## WORK TASK
Output all of the material exactly; leave out no line.

=======

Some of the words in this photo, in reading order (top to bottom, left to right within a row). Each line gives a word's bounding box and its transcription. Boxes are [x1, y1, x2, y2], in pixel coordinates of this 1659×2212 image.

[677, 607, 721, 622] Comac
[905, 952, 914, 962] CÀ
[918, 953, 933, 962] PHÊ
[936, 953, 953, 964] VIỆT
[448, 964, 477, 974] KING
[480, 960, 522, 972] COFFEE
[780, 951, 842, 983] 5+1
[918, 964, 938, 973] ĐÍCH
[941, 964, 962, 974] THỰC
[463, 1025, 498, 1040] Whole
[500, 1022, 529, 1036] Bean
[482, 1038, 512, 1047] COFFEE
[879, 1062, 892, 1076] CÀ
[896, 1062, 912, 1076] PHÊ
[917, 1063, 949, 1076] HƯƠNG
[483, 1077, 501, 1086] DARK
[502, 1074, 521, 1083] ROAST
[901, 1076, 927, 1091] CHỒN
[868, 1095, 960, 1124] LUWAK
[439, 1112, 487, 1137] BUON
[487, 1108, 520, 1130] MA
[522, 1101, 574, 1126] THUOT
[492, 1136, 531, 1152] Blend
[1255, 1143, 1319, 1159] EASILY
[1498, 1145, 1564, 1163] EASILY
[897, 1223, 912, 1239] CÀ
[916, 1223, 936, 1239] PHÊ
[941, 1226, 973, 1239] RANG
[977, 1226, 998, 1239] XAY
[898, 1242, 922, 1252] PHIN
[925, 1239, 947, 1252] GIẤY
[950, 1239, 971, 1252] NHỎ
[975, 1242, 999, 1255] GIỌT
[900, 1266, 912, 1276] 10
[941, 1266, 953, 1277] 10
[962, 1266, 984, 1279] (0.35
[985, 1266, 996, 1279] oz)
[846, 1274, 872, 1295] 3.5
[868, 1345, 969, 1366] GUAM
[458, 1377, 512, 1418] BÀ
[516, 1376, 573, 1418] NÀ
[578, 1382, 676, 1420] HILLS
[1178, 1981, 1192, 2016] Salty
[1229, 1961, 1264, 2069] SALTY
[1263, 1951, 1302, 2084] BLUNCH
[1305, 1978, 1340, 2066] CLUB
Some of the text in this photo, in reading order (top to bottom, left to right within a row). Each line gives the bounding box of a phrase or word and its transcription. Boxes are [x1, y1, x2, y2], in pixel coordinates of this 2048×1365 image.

=======

## ANSWER FOR THIS EXERCISE
Some of the words in this photo, in reading order (top to bottom, left to right within a row). Each line gives a word's bounding box and its transcription. Boxes are [x1, y1, x2, y2], in pixel coordinates of this 1659×2212 image.

[677, 607, 721, 622] Comac
[905, 952, 914, 962] CÀ
[918, 953, 933, 962] PHÊ
[936, 953, 953, 964] VIỆT
[448, 964, 477, 974] KING
[480, 960, 522, 972] COFFEE
[780, 951, 842, 983] 5+1
[918, 964, 938, 973] ĐÍCH
[941, 964, 962, 974] THỰC
[463, 1025, 498, 1040] Whole
[500, 1022, 529, 1036] Bean
[482, 1038, 512, 1047] COFFEE
[879, 1062, 892, 1076] CÀ
[896, 1062, 912, 1076] PHÊ
[917, 1063, 949, 1076] HƯƠNG
[483, 1077, 501, 1086] DARK
[502, 1074, 521, 1083] ROAST
[901, 1076, 927, 1091] CHỒN
[868, 1095, 960, 1124] LUWAK
[439, 1112, 487, 1137] BUON
[487, 1108, 520, 1130] MA
[522, 1101, 574, 1126] THUOT
[492, 1136, 531, 1152] Blend
[1255, 1143, 1319, 1159] EASILY
[1498, 1145, 1564, 1163] EASILY
[897, 1223, 912, 1239] CÀ
[916, 1223, 936, 1239] PHÊ
[941, 1226, 973, 1239] RANG
[977, 1226, 998, 1239] XAY
[898, 1242, 922, 1252] PHIN
[925, 1239, 947, 1252] GIẤY
[950, 1239, 971, 1252] NHỎ
[975, 1242, 999, 1255] GIỌT
[900, 1266, 912, 1276] 10
[941, 1266, 953, 1277] 10
[962, 1266, 984, 1279] (0.35
[985, 1266, 996, 1279] oz)
[846, 1274, 872, 1295] 3.5
[868, 1345, 969, 1366] GUAM
[458, 1377, 512, 1418] BÀ
[516, 1376, 573, 1418] NÀ
[578, 1382, 676, 1420] HILLS
[1178, 1981, 1192, 2016] Salty
[1229, 1961, 1264, 2069] SALTY
[1263, 1951, 1302, 2084] BLUNCH
[1305, 1978, 1340, 2066] CLUB
Some of the text in this photo, in reading order (top to bottom, left to right within a row). Each line gives the bounding box of a phrase or word and its transcription. Boxes are [x1, y1, x2, y2], in pixel coordinates of this 2048×1365 image.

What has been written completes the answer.